For about five months, a handful of Minnesota's legal paraprofessionals have moved quietly into courtrooms to answer a potent question: Can they use their skills, under the supervision of a licensed state attorney, to address glaring gaps in legal representation? Minnesota Supreme Court Associate Justice Paul Thissen is bullish on the idea. He's liaison to the implementation committee for the two-year Legal Paraprofessional Pilot Project, which is modeled after other successful projects across the country; all are intended to increase access to civil legal representation, primarily in the areas of housing and family disputes. Thissen shares more about the pilot, how attorneys' concerns are being addressed, and the positive dividends possible down the road for clients and the courts.
Q: Let's start with the problem or problems you're hoping the pilot will address.

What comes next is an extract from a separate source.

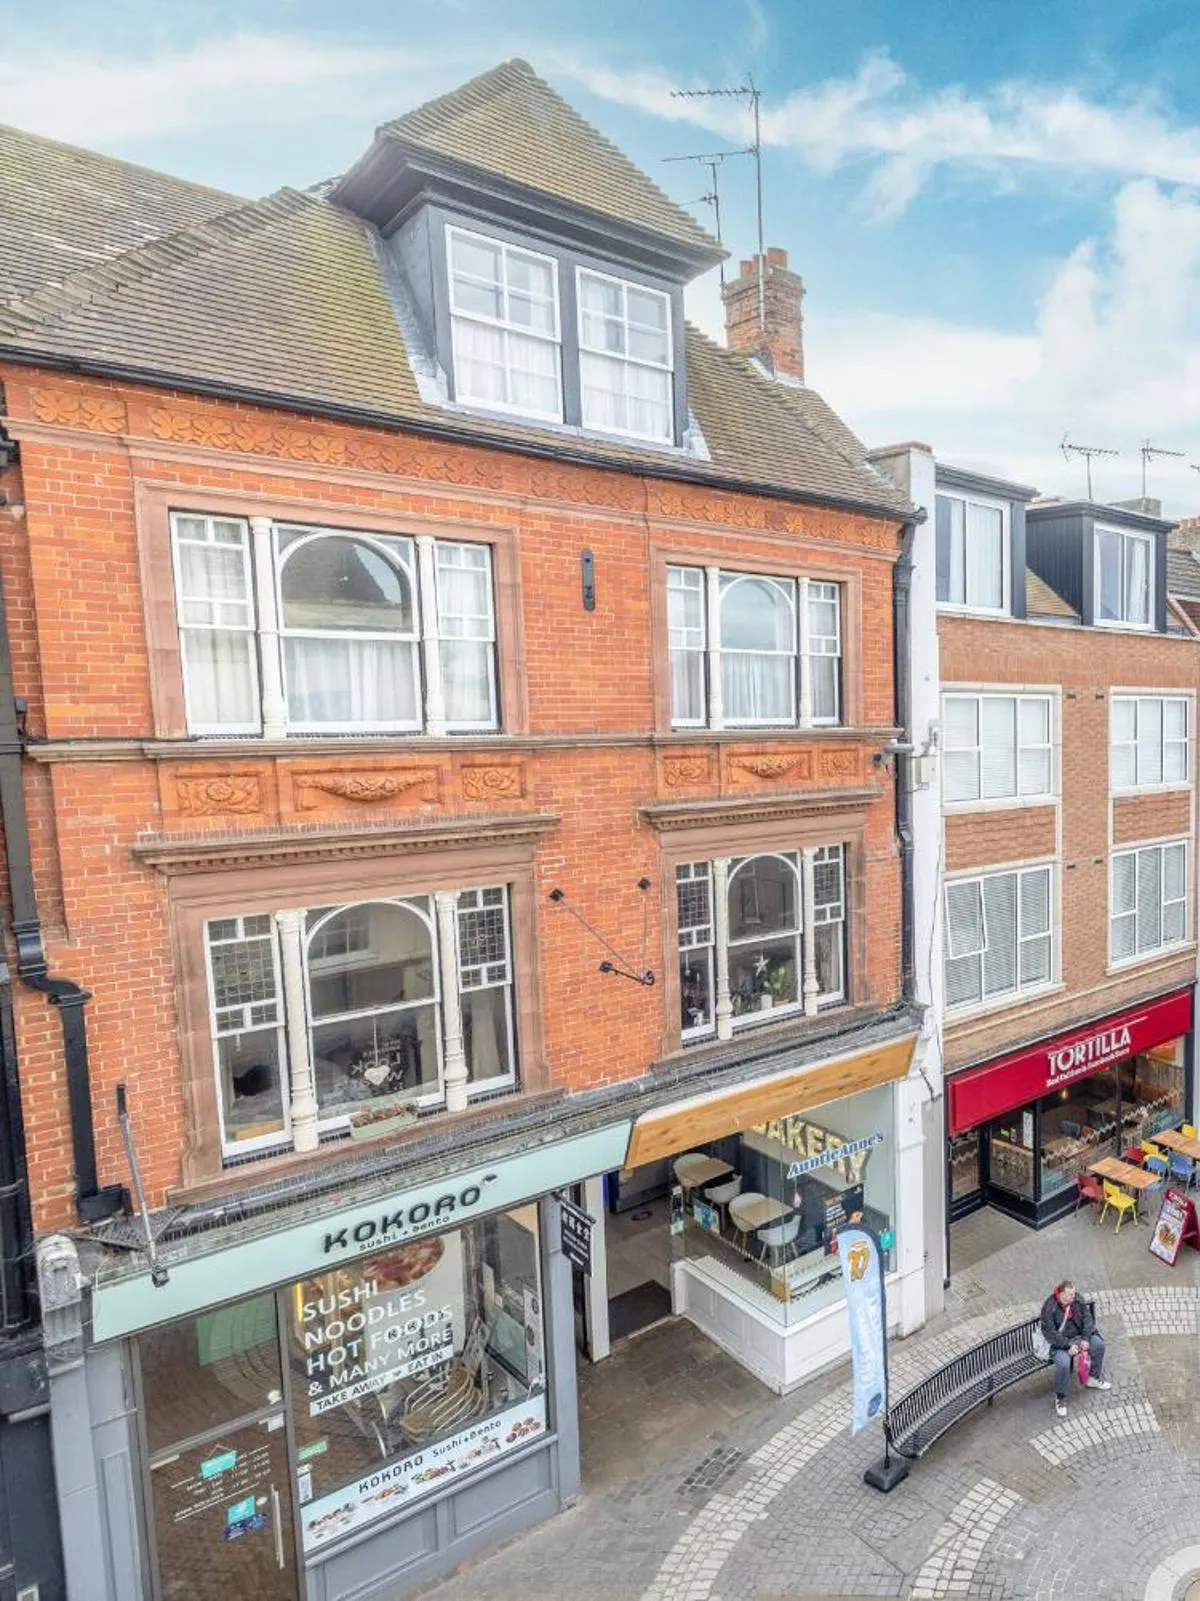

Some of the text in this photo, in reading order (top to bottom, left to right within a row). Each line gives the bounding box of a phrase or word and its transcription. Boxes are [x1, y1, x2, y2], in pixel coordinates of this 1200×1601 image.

A: The fundamental problem is that too many people in Minnesota have real legal needs and they can't afford a lawyer. There is lots of good work going on, such as Legal Aid, which is doing tremendous work despite being continuously underfunded. We also have pro bono lawyers, but we can't pro bono ourselves out of this problem. A good visual is to imagine filling up U.S. Bank Stadium with people and then offering them 20 lawyers total to attend to everyone's pressing legal issues. These are civil cases that address whether people are going to have a roof over their head, whether they can keep financial problems from turning into financial ruin. These are issues that impact people's daily lives in the most fundamental ways.
Q: What do you hope to learn from the pilot?
A: The pilot, which launched last March but really got going about five months ago, will test and assess whether allowing legal paraprofessionals to provide additional services will increase access to competent, quality representation for low- and modest-income Minnesota litigants and reduce court congestion.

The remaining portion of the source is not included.